Kakaknya Ezra tertawa pelan. Tawanya renyah dan senyumnya ringan seolah tidak ada masalah di dunia, membuatnya terlihat jauh lebih muda. "Tidak usah... saya tidak lama," ujarnya lembut. "Saya datang untuk menyerahkan ini." Kakaknya Ezra menyodorkan padaku paper bag yang sedari tadi ditentengnya. "Ezra asked me to."
Aku menerima paper bag itu sambil membalas senyum kakaknya Ezra yang kelewat manis. "Thank you, tapi..."—aku diam sejenak menarik nafas, berharap terdengar biasa saja—"kenapa bukan Ezra sendiri yang ngembaliin?"
"Dia mau mengembalikan, tapi due to emergency, Ezra harus kembali ke Jakarta."
"Hah? Jakarta?" seruku reflek, kaget. "Maaf," aku buru-buru membetulkan sikapku, merasa tidak enak. "Mm..." aku tidak tau harus menanyakannya atau tidak, tapi aku terlalu penasaran untuk mengabaikannya, "emergency apa ya kalau boleh tau? Bukan bermaksud ikut campur,"—aku menggigit bibir bawahku, ragu—"tapi... mm..." aku tidak tau bagaimana harus menjelaskannya. Aku hanya khawatir dengan keadaan Ezra. Bagaimana situasinya dengan ayahnya? Apa hal itu ada hubungannya dengan kepergian Ezra yang mendadak?
"I got it," gumam kakaknya Ezra dengan senyum penuh maklum. "Ezra baik-baik saja." Wanita ini memajukan tubuhnya lalu meraih tanganku—yang membuatku mataku membulat kaget. "Saya kemari juga ingin mengucapkan terima kasih."
Kedua alisku terangkat ke arahnya, tidak mengerti maksud ucapannya.
Kakaknya Ezra melepaskan tangannya dariku, lalu kembali duduk tegak. "Saya berterima kasih karena kamu sudah merawat Ezra waktu itu."
"Ezra cerita?" tanyaku tak percaya.
Kakaknya Ezra menggelengkan kepala sambil tersenyum. "There's no way Ezra bercerita soal apapun dengan saya," dia tertawa sendiri. "Dia tidak seperti itu waktu kecil.

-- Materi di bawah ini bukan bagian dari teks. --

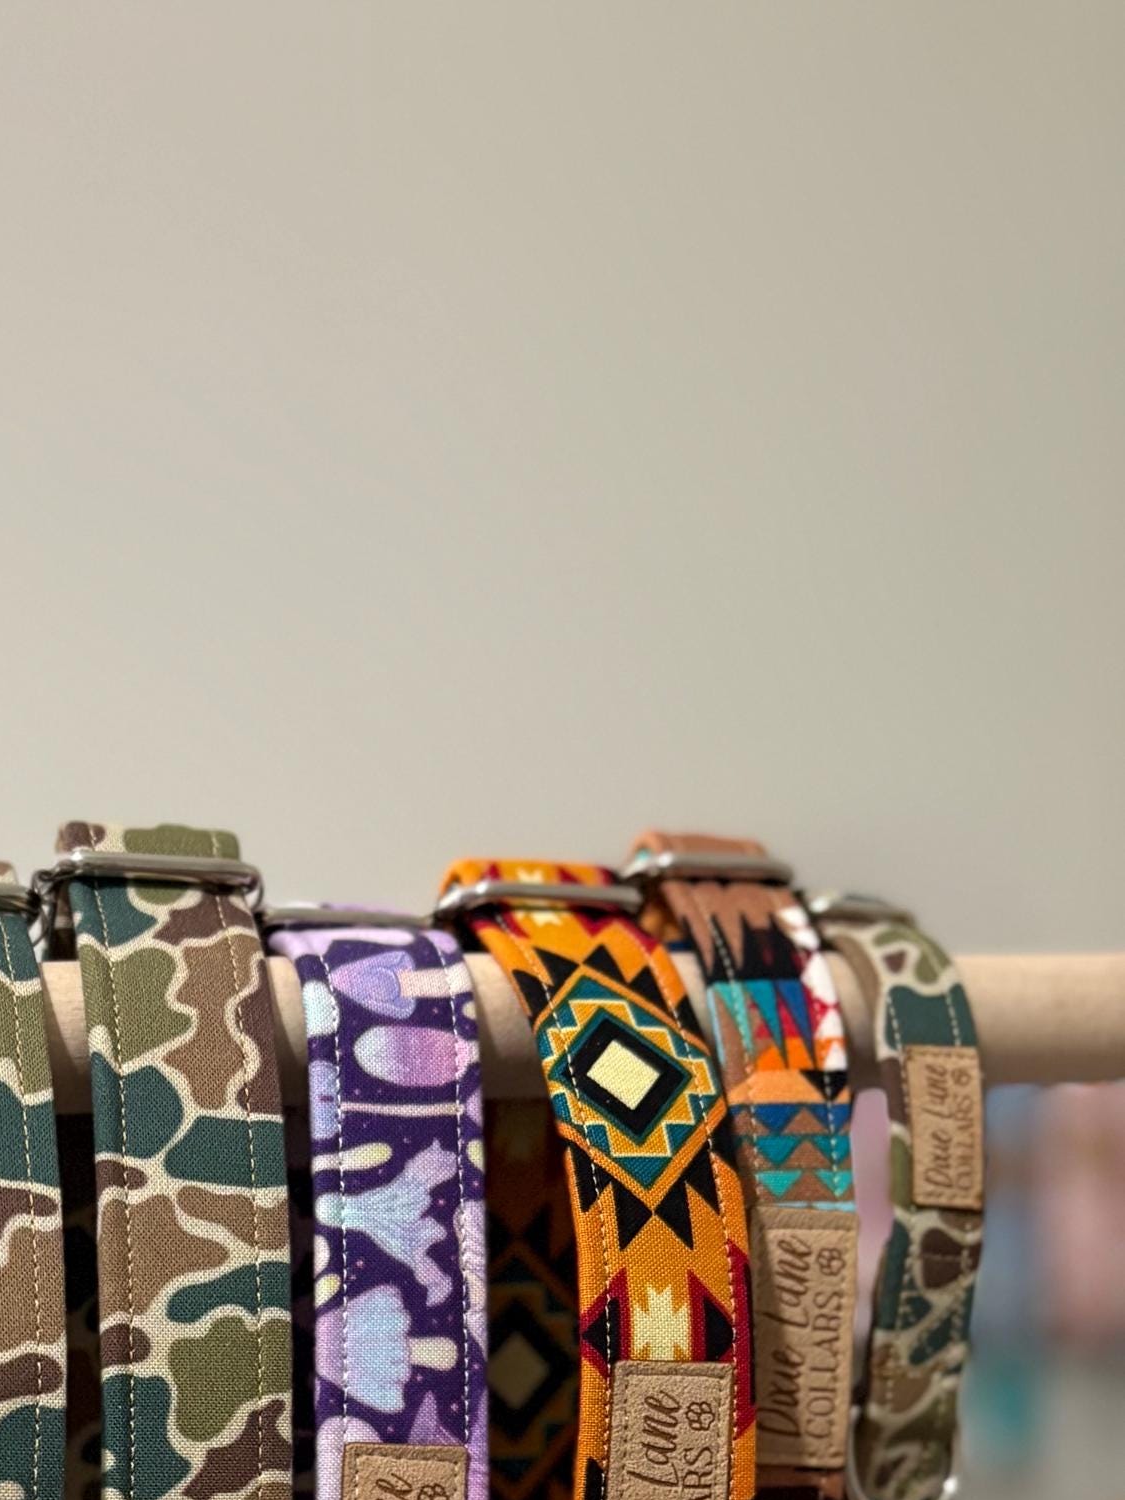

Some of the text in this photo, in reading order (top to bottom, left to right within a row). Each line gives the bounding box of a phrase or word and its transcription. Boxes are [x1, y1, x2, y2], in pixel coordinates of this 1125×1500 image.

You know... pride that comes when puberty hit."
Aku ikut terkekeh, hanya untuk sekedar sopan karena sebenarnya aku masih penasaran kenapa dia bisa tau soal hal itu kalau bukan Ezra sendiri yang bercerita.

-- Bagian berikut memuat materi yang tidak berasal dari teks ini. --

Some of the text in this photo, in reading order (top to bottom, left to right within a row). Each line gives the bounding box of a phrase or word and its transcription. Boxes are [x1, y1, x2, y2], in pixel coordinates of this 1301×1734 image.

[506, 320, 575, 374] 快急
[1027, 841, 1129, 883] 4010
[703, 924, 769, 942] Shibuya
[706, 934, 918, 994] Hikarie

"I guess Ezra sudah cerita padamu apa yang terjadi waktu itu, dengannya dan ayah kami."
Aku hanya menggigit bibir bawahku. Tidak tau harus bilang apa.

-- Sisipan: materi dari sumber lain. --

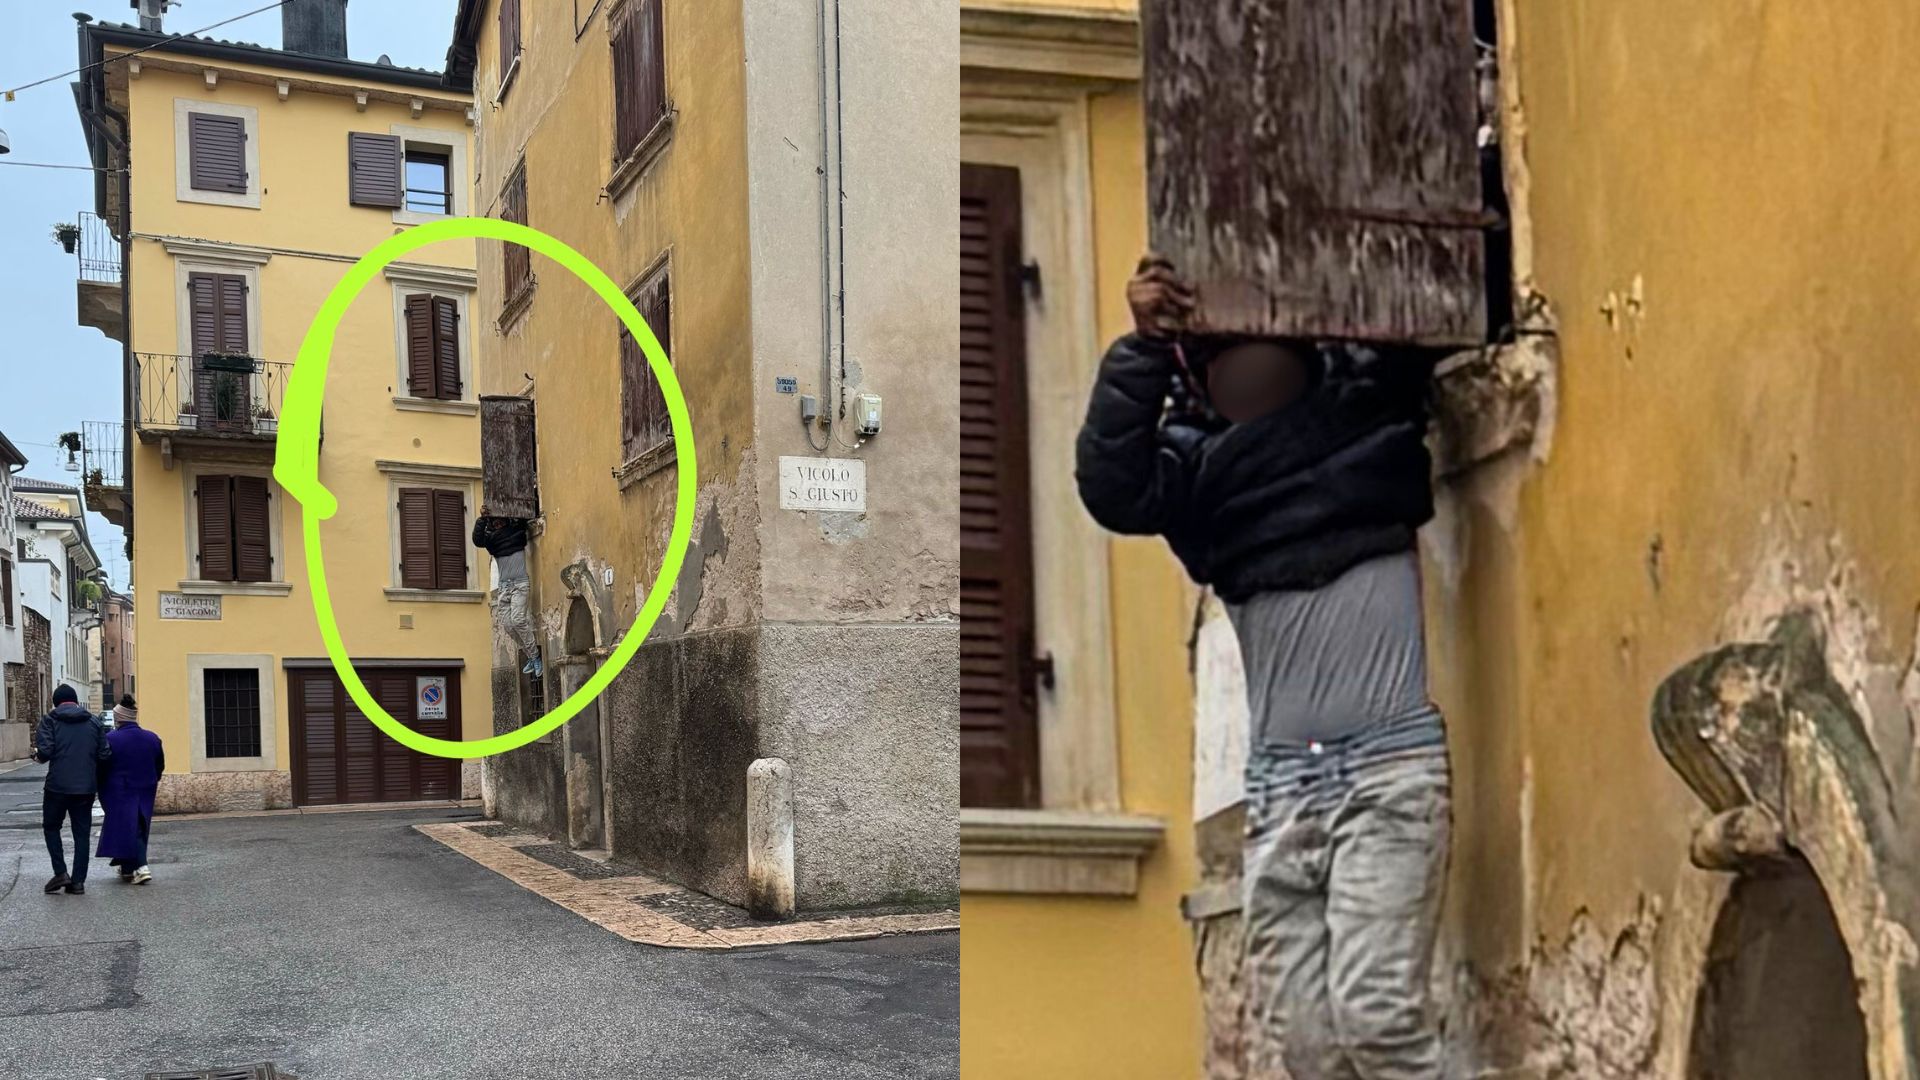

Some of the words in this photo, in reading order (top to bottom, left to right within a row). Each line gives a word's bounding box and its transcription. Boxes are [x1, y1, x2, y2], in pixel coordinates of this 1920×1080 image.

"Saya langsung terbang ke sini begitu mendengar yang terjadi." Kalau tidak salah, kakaknya Ezra ini domisilinya di New York. Apa itu berarti dia langsung terbang ke sini jauh-jauh dari New York? Apa jangan-jangan yang terjadi sebenarnya jauh lebih parah dari yang Ezra terangkan padaku? Entahlah. Siapa tau kebetulan kakaknya ini memang sedang di Jakarta waktu itu.
KAMU SEDANG MEMBACA
Temporary Fix
RomanceHe was her past, her present, and her future. And he's gone... Kehilangan tunangan yang juga kekasihnya sejak bangku SMA, Kaniss memutuskan untuk pindah ke Bali demi mencari ketenangan batin. Semuanya dia tinggalkan, termasuk profesinya sebagai seor...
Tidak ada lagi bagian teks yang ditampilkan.